Along the way, a spray-painted sign appeared in English: “The king is dead. Long live the people.” A man urinated into a bottle and threw it at police officers behind riot shields.
Protected by some of the most stringent anti-defamation laws in the world, the Thai monarchy has moved within months from an untouchable institution, whispering only in secret, to the subject of open criticism.
Protesters asked why King Maha Vajiralongkorn spent most of his reign outside of Thailand. They note that their taxes fund his stay in Europe. His complicated family arrangements are the source of the irony. (Last year, he married his fourth wife, then called another woman the royal consort disinfection Consort to try to skip the queen. Repositioned in September).
Most of all, the protesters called for an investigation into the crown’s multi-billion dollar fortune, which it is now Under the king’s personal control. He also placed major military units under his command The troops loyal to him were quickly promoted.
Led by students and other youth, the Thai protest movement has embraced a host of causes, supported gay rights and labor unions, and called for an end to strict school rules and a tax on menstrual products.
But the protesters’ increasingly direct condemnation of the monarchy – even when couched as a push for reform rather than a move to topple the entire establishment – shocked some Thais. On Tuesday, the demonstrators carried a large balloon that read: “We told you you belong to the constitution.” Use this orientation to the king as the lowest form of “you” in language that reflects multiple hierarchies of social hierarchy.
“The language used was something unacceptable to the Thais,” said Warung Dishgatefigrum, a prominent royal. These are not reform measures, but rather measures to overthrow the monarchy.
With anger simmering on Tuesday and Wednesday, it was hard to see room for a political settlement. Protesters called for another mass rally within a week.
“I would be lying to myself if I said there was hope, and I would be lying to myself as well if I said there was no hope,” said Rangsiman Roma, the opposition lawmaker who unsuccessfully tried to pass some of the more controversial constitutional amendments. Wednesday.
In the background, there are concerns that security forces might attack protesters aggressively, as they have done with lethal force on numerous occasions. There are also concerns that this might happen Unleash a coupAs has happened dozens of times since the overthrow of the absolute monarchy in 1932.
The palace itself was largely silent about the protests. King Maha Vajiralongkorn returned from Germany last month and has been in Thailand for weeks, which is a rare occurrence.

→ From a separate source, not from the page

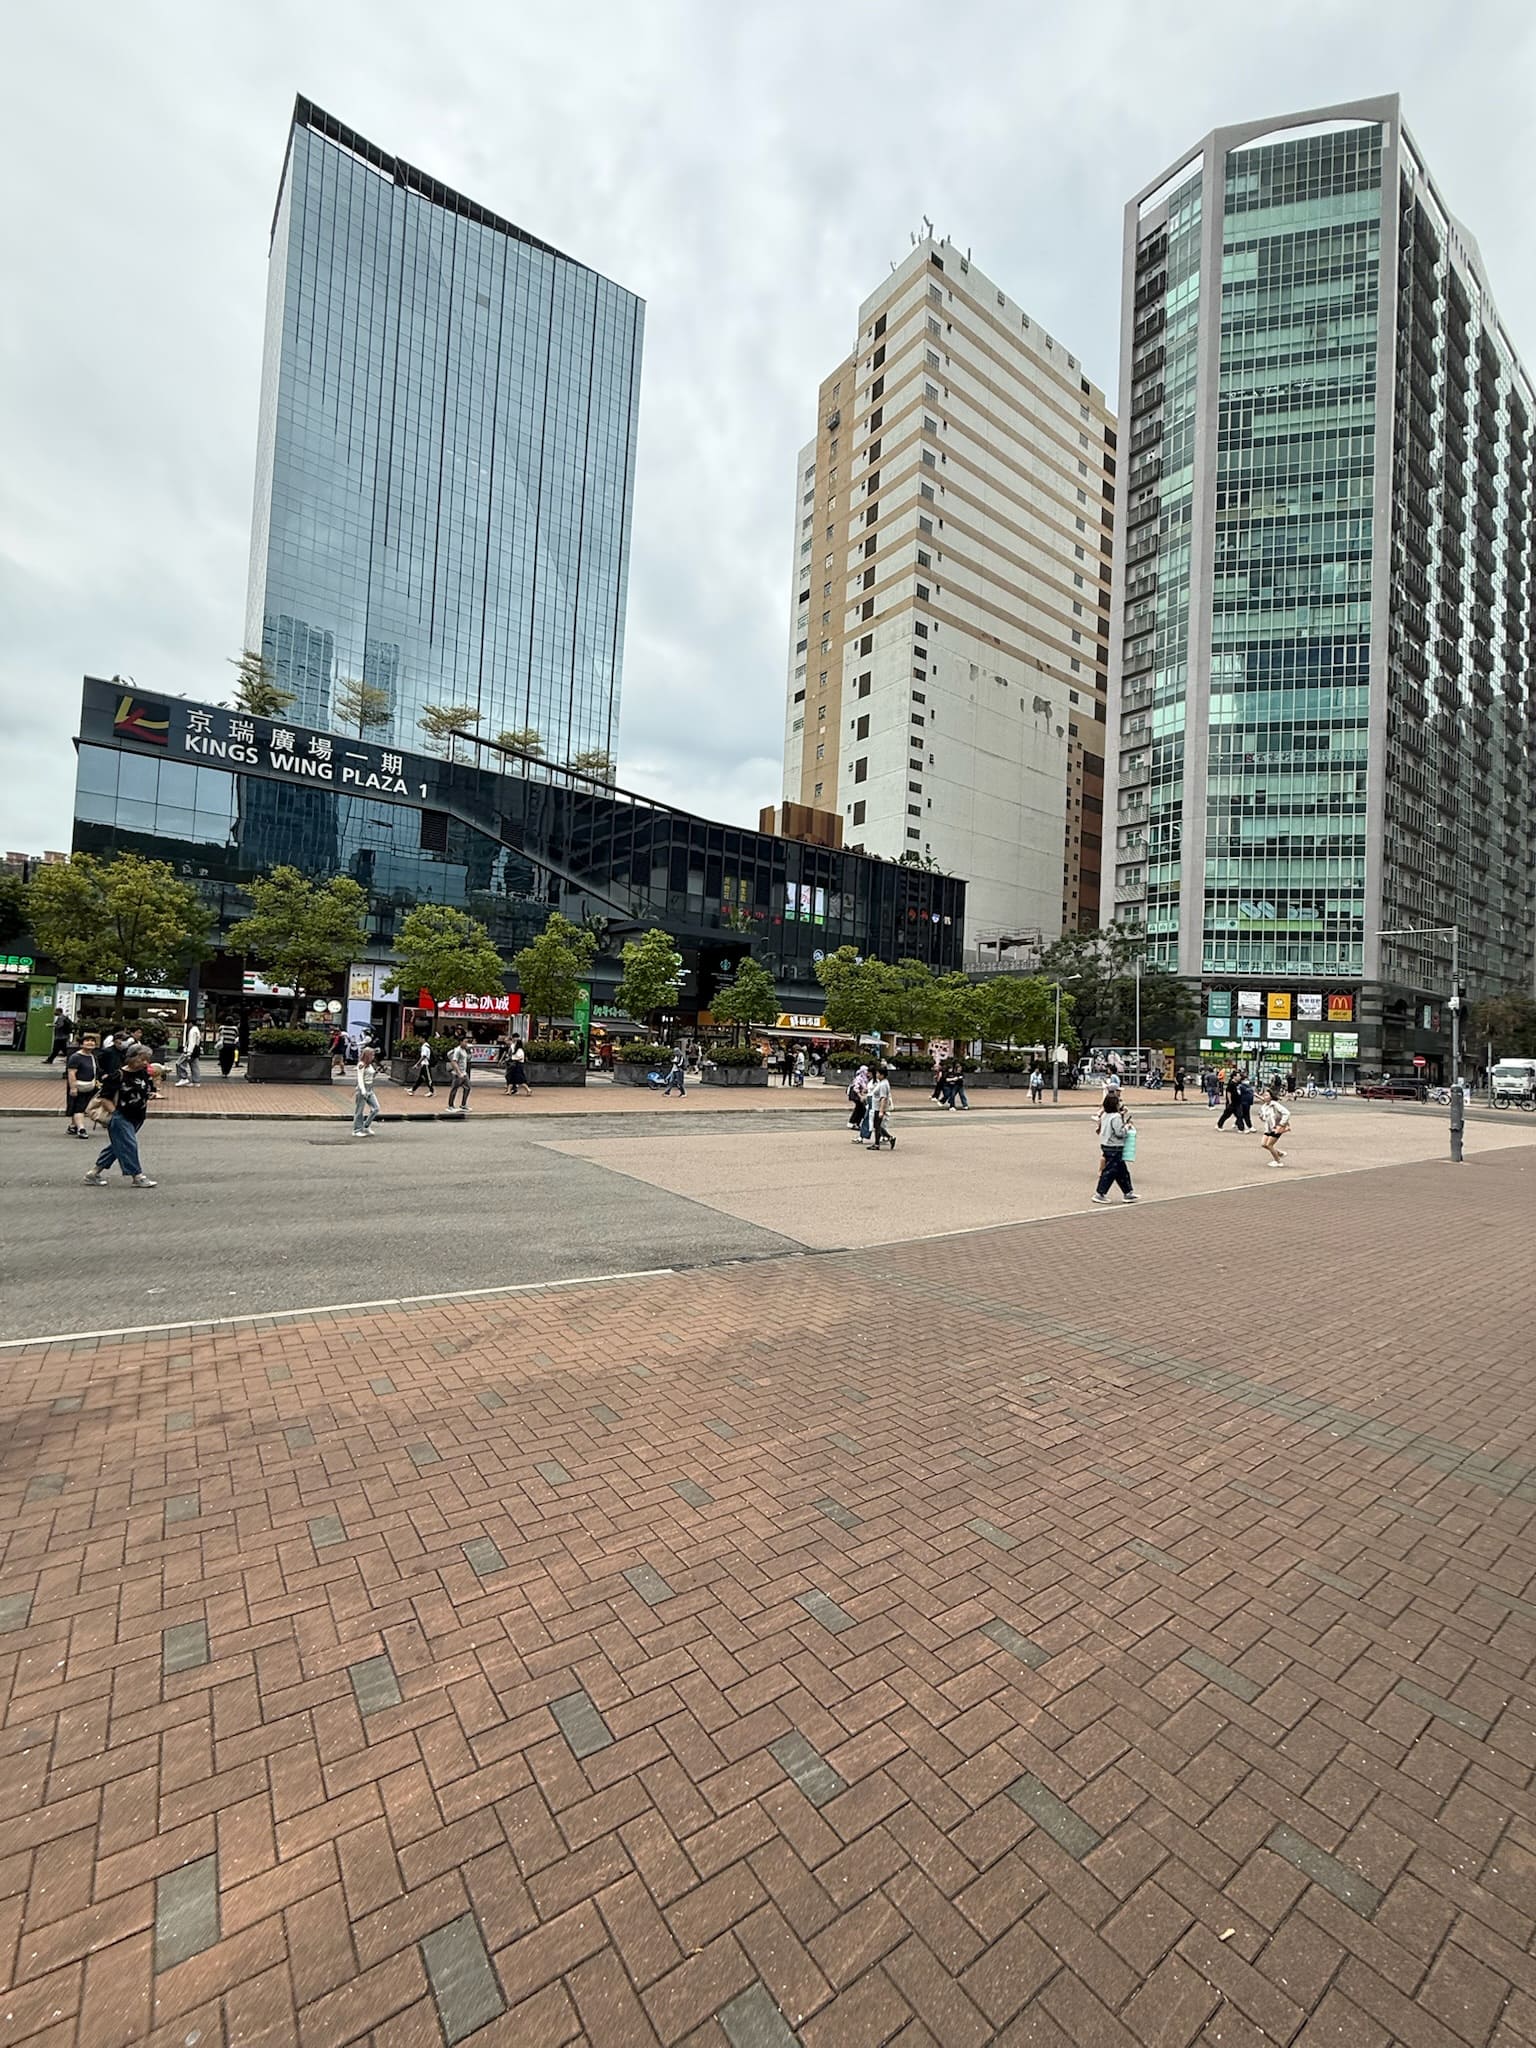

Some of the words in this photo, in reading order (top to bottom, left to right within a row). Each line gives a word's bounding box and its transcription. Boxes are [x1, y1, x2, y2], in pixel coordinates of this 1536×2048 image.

On Tuesday, around the same time that water cannons began shooting at protesters in Bangkok, he attended the graduation ceremony of the Police Student School where he urged graduates to “gain confidence in others.”
Three days earlier, he attended the opening ceremony of a new Bangkok electric railway that was named in honor of his official coronation last year. After greeting well-wishers, signing autographs, and accepting cash donations from them – a break from the usual removal with which the public was treated – the king settled into the carriage seats with his queen.
A row of men in white, a symbol of surrender in Thailand’s modern constitutional monarchy, knelt at their feet.